A nonrepetitive stack is like an ordinary stack, except that a push that would result in a repeated subsequence fails, not updating the stack but instead returning the location of the subsequence that would be repeated. (To disambiguate, because "repeated subsequence" can mean multiple things: I mean multiple contiguous copies of contiguous subsequences. If you treat the stack as a string, something matching .*(.+)\1.*.)

(Assume the usual model, e.g. comparing two individual items for equality is $O(1)$.)
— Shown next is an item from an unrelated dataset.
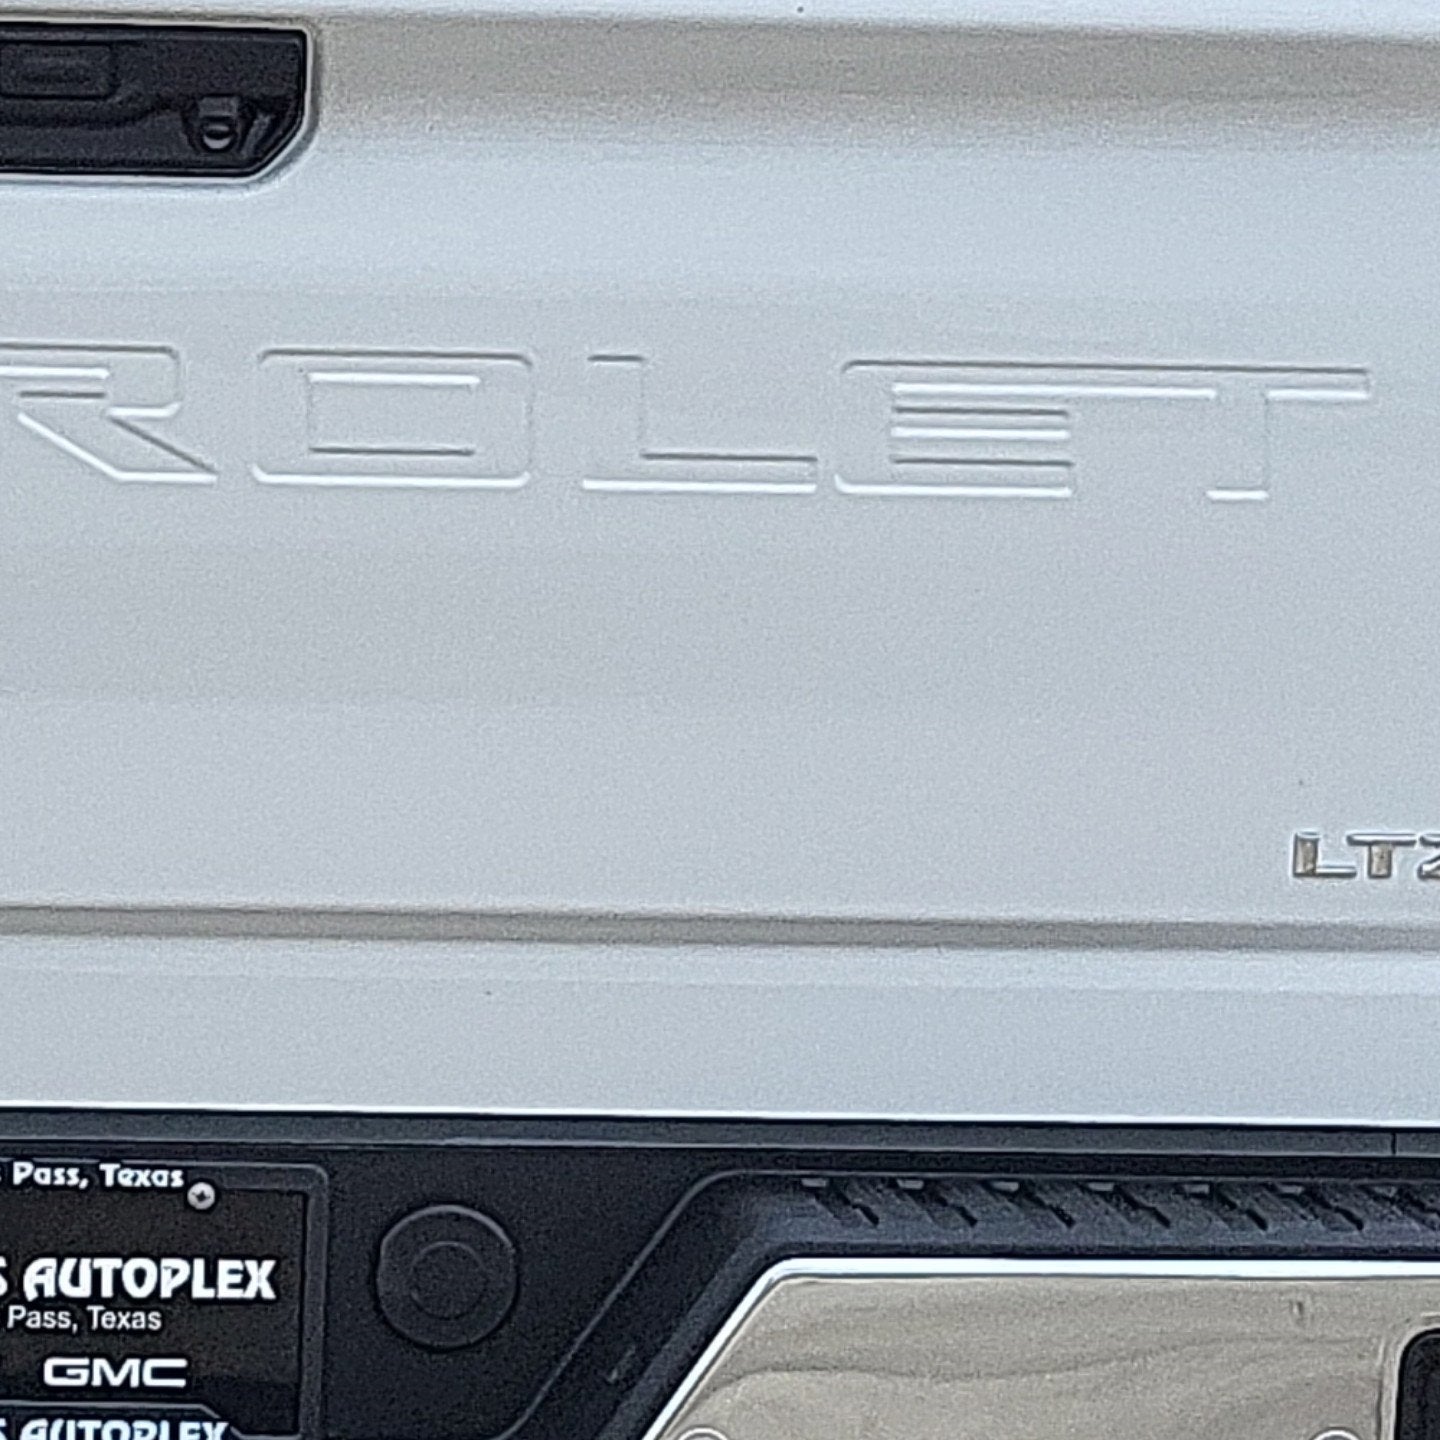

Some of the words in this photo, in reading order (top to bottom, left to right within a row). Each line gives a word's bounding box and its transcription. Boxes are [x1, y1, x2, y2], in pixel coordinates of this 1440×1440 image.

The completely naive approach would be to check the entire stack for any repeated subsequences after each push, and undo the push and fail if one is found. Each check, and thus push, appears to be $O(n^3)$ in the current size of the stack, worst-case.
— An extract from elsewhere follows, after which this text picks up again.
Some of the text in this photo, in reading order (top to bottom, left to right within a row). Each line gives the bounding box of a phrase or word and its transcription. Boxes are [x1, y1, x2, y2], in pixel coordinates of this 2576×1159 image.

We can do somewhat better by instead noting that the stack can never actually include any repeated substrings (as you cannot introduce a repeated substring by popping from a stack, and pushes that would introduce a repeated substring instead fail), and so a push only needs to check potential repeats that include the top of stack. This gets us down to $O(n^2)$ in the size of the stack per push.
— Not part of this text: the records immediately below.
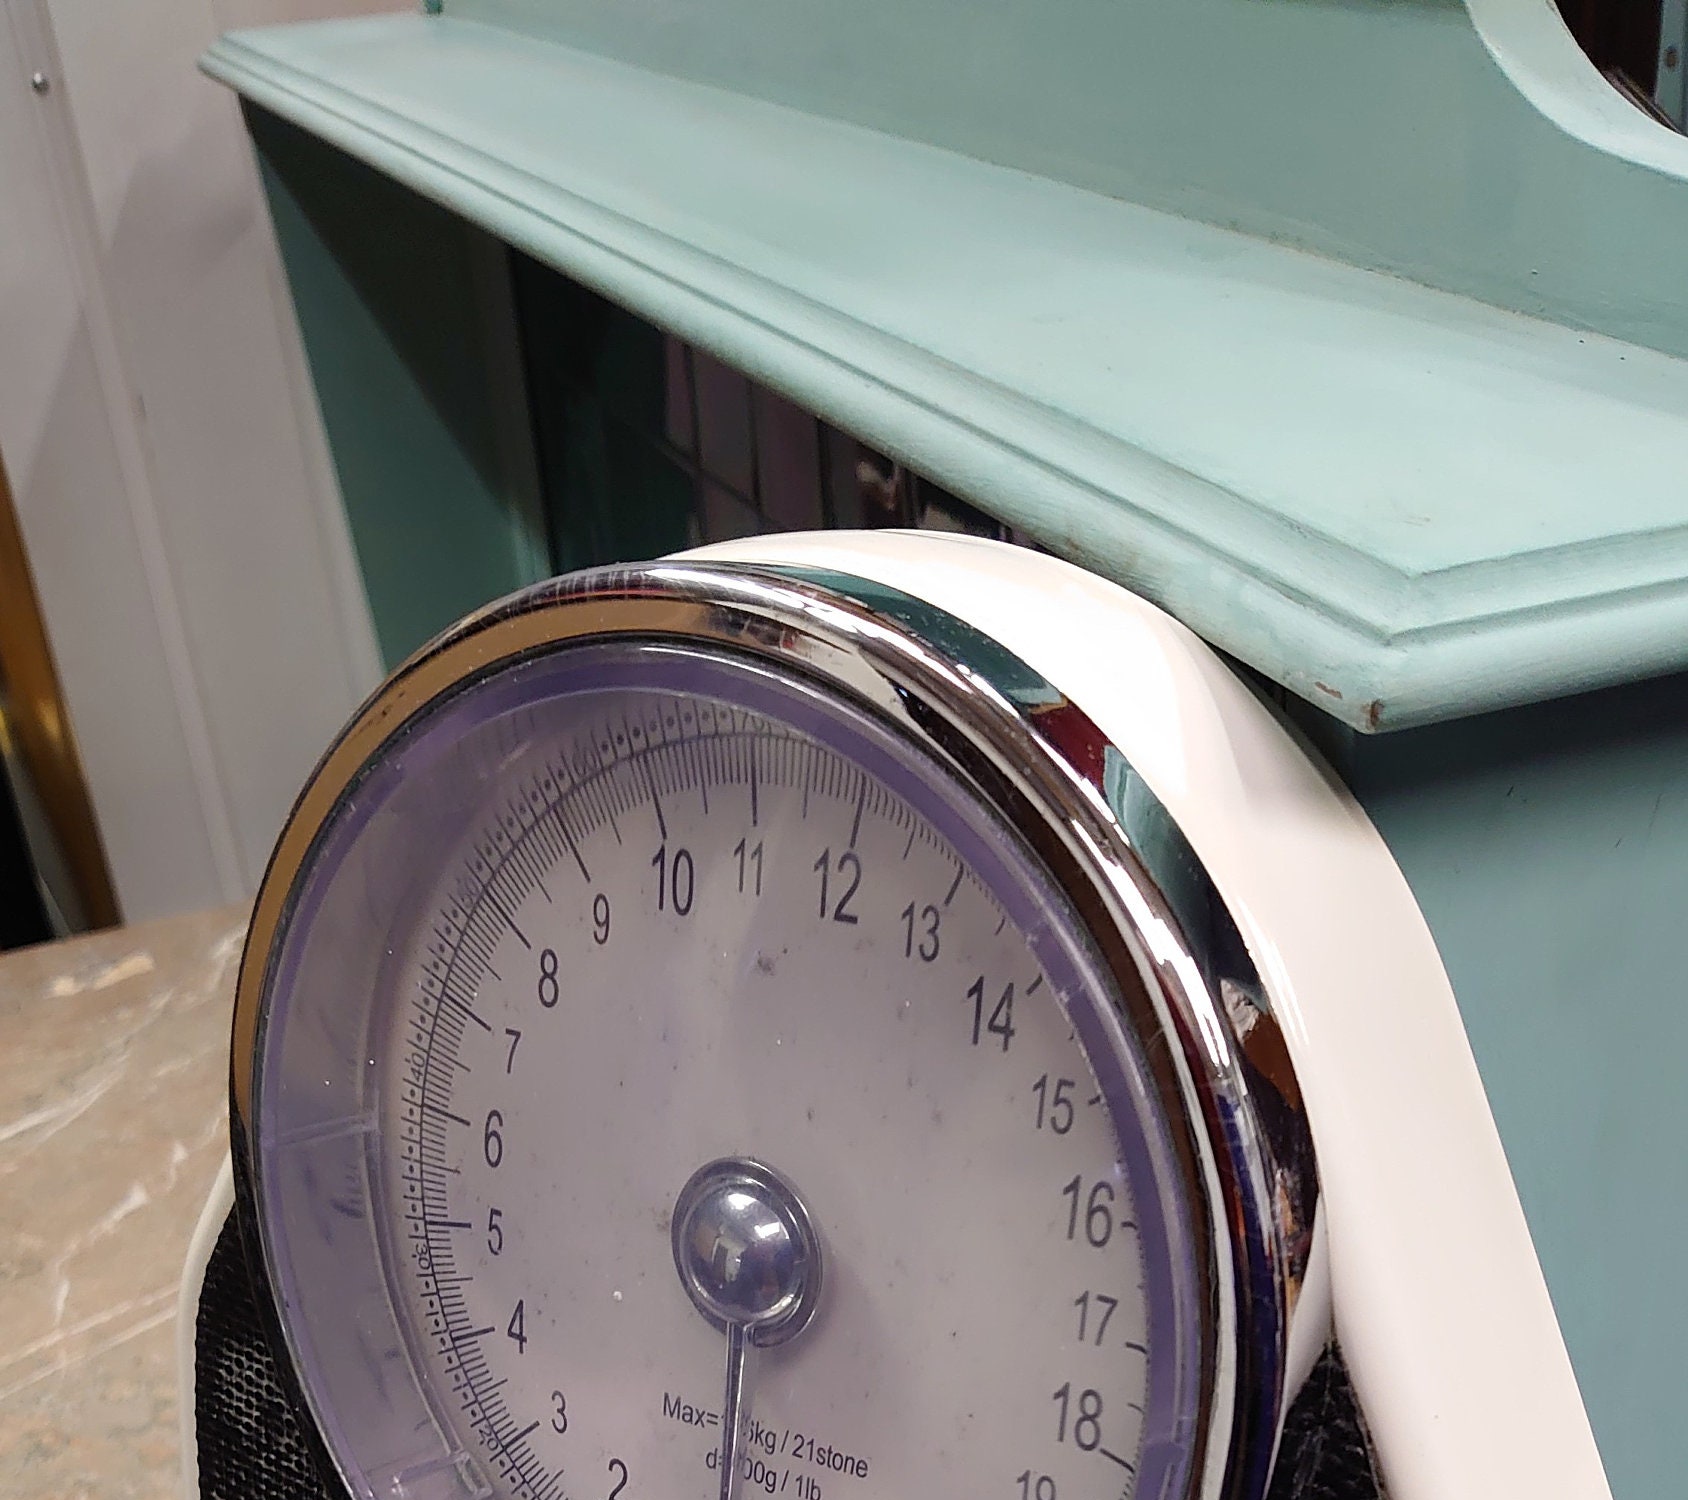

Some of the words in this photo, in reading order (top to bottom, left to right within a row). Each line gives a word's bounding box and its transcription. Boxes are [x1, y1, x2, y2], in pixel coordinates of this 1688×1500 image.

[652, 843, 695, 917] 10
[733, 837, 764, 898] 11
[813, 846, 862, 925] 12
[593, 892, 611, 945] 9
[901, 900, 941, 963] 13
[537, 948, 560, 1008] 8
[966, 975, 1015, 1053] 14
[410, 1052, 425, 1082] 40
[504, 1027, 522, 1075] 7
[1032, 1073, 1076, 1136] 15
[484, 1108, 503, 1168] 6
[487, 1207, 503, 1256] 5
[1061, 1174, 1115, 1248] 16
[415, 1242, 431, 1270] 30
[507, 1298, 528, 1355] 4
[1074, 1290, 1119, 1346] 17
[478, 1427, 499, 1451] 20
[551, 1390, 568, 1434] 3
[663, 1392, 777, 1455] Max=kg
[792, 1433, 869, 1479] 21stone
[1053, 1381, 1103, 1451] 18
Some (terrible) Python pseudocode for this approach, to illustrate (again: this code is just to illustrate. Please don't focus on the exact code.)

def push(s, x):
    s.append(x)
    for i in range(1, len(s)//2 + 1):
        # this comparison is _not_ O(1) time.
        if s[-2*i:-i] == s[-i:]:
            ret = s[-i:], len(s)-2*i, len(s)-i
            s.pop()
            return True, *ret
    return False, None

def pop(s):
    return s.pop()

def check(act, exp):
    assert act == exp, (act, exp)

s = []
check(push(s, "A"), (False, None))
check(push(s, "B"), (False, None))
check(push(s, "A"), (False, None))
check(s, ["A", "B", "A"])
# ABAB would have a repeated subsequence AB AB
check(push(s, "B"), (True, ["A", "B"], 0, 2))
check(pop(s), "A")
# ABB would have a repeated subsequence B B
check(push(s, "B"), (True, ["B"], 1, 2))

(Worst-case complexity here is $\sum_{i=1}^{n/2 + 1}i$, which is $O(n^2)$. Best-case for a successful push is if each array comparison compares one element and then short-circuits, which works out to $O(n)$. [n.b. I know that CPython's array comparison with slices I showed doesn't actually work that way.] Best-case for an unsuccessful push is, of course, $O(1)$.)

Is there a way of doing better here? In particular, is it possible to achieve (amortized) worst-case complexity for pushes that is sublinear in the size of the stack?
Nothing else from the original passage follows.